# Excerpted records
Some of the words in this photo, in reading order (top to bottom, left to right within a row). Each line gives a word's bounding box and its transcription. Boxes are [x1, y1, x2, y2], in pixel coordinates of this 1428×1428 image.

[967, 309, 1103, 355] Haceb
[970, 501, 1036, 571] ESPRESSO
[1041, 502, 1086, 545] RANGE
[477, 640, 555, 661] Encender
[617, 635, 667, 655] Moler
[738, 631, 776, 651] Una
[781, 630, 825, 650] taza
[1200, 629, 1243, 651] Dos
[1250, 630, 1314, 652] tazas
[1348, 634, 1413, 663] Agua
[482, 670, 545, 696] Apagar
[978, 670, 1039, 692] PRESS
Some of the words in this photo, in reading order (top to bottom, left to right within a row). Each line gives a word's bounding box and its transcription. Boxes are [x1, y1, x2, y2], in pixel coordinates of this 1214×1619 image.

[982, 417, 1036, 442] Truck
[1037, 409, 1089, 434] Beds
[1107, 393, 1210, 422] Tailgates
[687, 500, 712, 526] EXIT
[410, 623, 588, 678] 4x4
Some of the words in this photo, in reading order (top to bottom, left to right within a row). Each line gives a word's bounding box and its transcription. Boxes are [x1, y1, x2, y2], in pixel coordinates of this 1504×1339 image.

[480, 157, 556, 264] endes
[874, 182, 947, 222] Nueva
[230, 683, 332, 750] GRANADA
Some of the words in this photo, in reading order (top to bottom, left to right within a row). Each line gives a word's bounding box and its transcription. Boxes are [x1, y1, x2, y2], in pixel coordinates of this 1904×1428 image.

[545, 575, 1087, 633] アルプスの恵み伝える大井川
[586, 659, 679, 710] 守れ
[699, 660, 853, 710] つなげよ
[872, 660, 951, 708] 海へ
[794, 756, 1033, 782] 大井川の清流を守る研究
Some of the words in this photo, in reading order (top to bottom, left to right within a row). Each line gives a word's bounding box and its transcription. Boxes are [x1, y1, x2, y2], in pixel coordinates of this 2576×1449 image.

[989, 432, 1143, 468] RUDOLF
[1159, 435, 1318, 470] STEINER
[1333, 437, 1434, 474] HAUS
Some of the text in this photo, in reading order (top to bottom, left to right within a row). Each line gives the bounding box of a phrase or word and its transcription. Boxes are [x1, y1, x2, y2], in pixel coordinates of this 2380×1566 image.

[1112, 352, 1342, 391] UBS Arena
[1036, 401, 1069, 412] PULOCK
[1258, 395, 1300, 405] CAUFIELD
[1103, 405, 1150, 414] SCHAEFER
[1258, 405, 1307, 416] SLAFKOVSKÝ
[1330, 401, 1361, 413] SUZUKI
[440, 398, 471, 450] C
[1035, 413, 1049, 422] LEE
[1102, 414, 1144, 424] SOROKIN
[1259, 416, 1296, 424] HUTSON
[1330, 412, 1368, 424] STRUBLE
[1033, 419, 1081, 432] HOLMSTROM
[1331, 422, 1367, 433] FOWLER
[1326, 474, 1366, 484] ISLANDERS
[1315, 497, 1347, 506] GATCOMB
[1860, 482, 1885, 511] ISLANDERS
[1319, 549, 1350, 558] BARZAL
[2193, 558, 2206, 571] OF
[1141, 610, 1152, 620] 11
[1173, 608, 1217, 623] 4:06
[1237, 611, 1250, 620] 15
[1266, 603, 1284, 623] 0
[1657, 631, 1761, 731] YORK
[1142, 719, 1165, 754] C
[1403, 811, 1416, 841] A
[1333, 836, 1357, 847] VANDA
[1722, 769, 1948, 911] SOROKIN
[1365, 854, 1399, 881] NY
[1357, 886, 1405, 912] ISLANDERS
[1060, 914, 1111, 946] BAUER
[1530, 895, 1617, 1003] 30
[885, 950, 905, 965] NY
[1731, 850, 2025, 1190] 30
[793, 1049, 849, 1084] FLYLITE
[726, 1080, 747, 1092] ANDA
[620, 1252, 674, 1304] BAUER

# Work order
Each of the lines above should be printed again precisely as it reads.

# Response area
Some of the words in this photo, in reading order (top to bottom, left to right within a row). Each line gives a word's bounding box and its transcription. Boxes are [x1, y1, x2, y2], in pixel coordinates of this 1428×1428 image.

[967, 309, 1103, 355] Haceb
[970, 501, 1036, 571] ESPRESSO
[1041, 502, 1086, 545] RANGE
[477, 640, 555, 661] Encender
[617, 635, 667, 655] Moler
[738, 631, 776, 651] Una
[781, 630, 825, 650] taza
[1200, 629, 1243, 651] Dos
[1250, 630, 1314, 652] tazas
[1348, 634, 1413, 663] Agua
[482, 670, 545, 696] Apagar
[978, 670, 1039, 692] PRESS
Some of the words in this photo, in reading order (top to bottom, left to right within a row). Each line gives a word's bounding box and its transcription. Boxes are [x1, y1, x2, y2], in pixel coordinates of this 1214×1619 image.

[982, 417, 1036, 442] Truck
[1037, 409, 1089, 434] Beds
[1107, 393, 1210, 422] Tailgates
[687, 500, 712, 526] EXIT
[410, 623, 588, 678] 4x4
Some of the words in this photo, in reading order (top to bottom, left to right within a row). Each line gives a word's bounding box and its transcription. Boxes are [x1, y1, x2, y2], in pixel coordinates of this 1504×1339 image.

[480, 157, 556, 264] endes
[874, 182, 947, 222] Nueva
[230, 683, 332, 750] GRANADA
Some of the words in this photo, in reading order (top to bottom, left to right within a row). Each line gives a word's bounding box and its transcription. Boxes are [x1, y1, x2, y2], in pixel coordinates of this 1904×1428 image.

[545, 575, 1087, 633] アルプスの恵み伝える大井川
[586, 659, 679, 710] 守れ
[699, 660, 853, 710] つなげよ
[872, 660, 951, 708] 海へ
[794, 756, 1033, 782] 大井川の清流を守る研究
Some of the words in this photo, in reading order (top to bottom, left to right within a row). Each line gives a word's bounding box and its transcription. Boxes are [x1, y1, x2, y2], in pixel coordinates of this 2576×1449 image.

[989, 432, 1143, 468] RUDOLF
[1159, 435, 1318, 470] STEINER
[1333, 437, 1434, 474] HAUS
Some of the text in this photo, in reading order (top to bottom, left to right within a row). Each line gives the bounding box of a phrase or word and its transcription. Boxes are [x1, y1, x2, y2], in pixel coordinates of this 2380×1566 image.

[1112, 352, 1342, 391] UBS Arena
[1036, 401, 1069, 412] PULOCK
[1258, 395, 1300, 405] CAUFIELD
[1103, 405, 1150, 414] SCHAEFER
[1258, 405, 1307, 416] SLAFKOVSKÝ
[1330, 401, 1361, 413] SUZUKI
[440, 398, 471, 450] C
[1035, 413, 1049, 422] LEE
[1102, 414, 1144, 424] SOROKIN
[1259, 416, 1296, 424] HUTSON
[1330, 412, 1368, 424] STRUBLE
[1033, 419, 1081, 432] HOLMSTROM
[1331, 422, 1367, 433] FOWLER
[1326, 474, 1366, 484] ISLANDERS
[1315, 497, 1347, 506] GATCOMB
[1860, 482, 1885, 511] ISLANDERS
[1319, 549, 1350, 558] BARZAL
[2193, 558, 2206, 571] OF
[1141, 610, 1152, 620] 11
[1173, 608, 1217, 623] 4:06
[1237, 611, 1250, 620] 15
[1266, 603, 1284, 623] 0
[1657, 631, 1761, 731] YORK
[1142, 719, 1165, 754] C
[1403, 811, 1416, 841] A
[1333, 836, 1357, 847] VANDA
[1722, 769, 1948, 911] SOROKIN
[1365, 854, 1399, 881] NY
[1357, 886, 1405, 912] ISLANDERS
[1060, 914, 1111, 946] BAUER
[1530, 895, 1617, 1003] 30
[885, 950, 905, 965] NY
[1731, 850, 2025, 1190] 30
[793, 1049, 849, 1084] FLYLITE
[726, 1080, 747, 1092] ANDA
[620, 1252, 674, 1304] BAUER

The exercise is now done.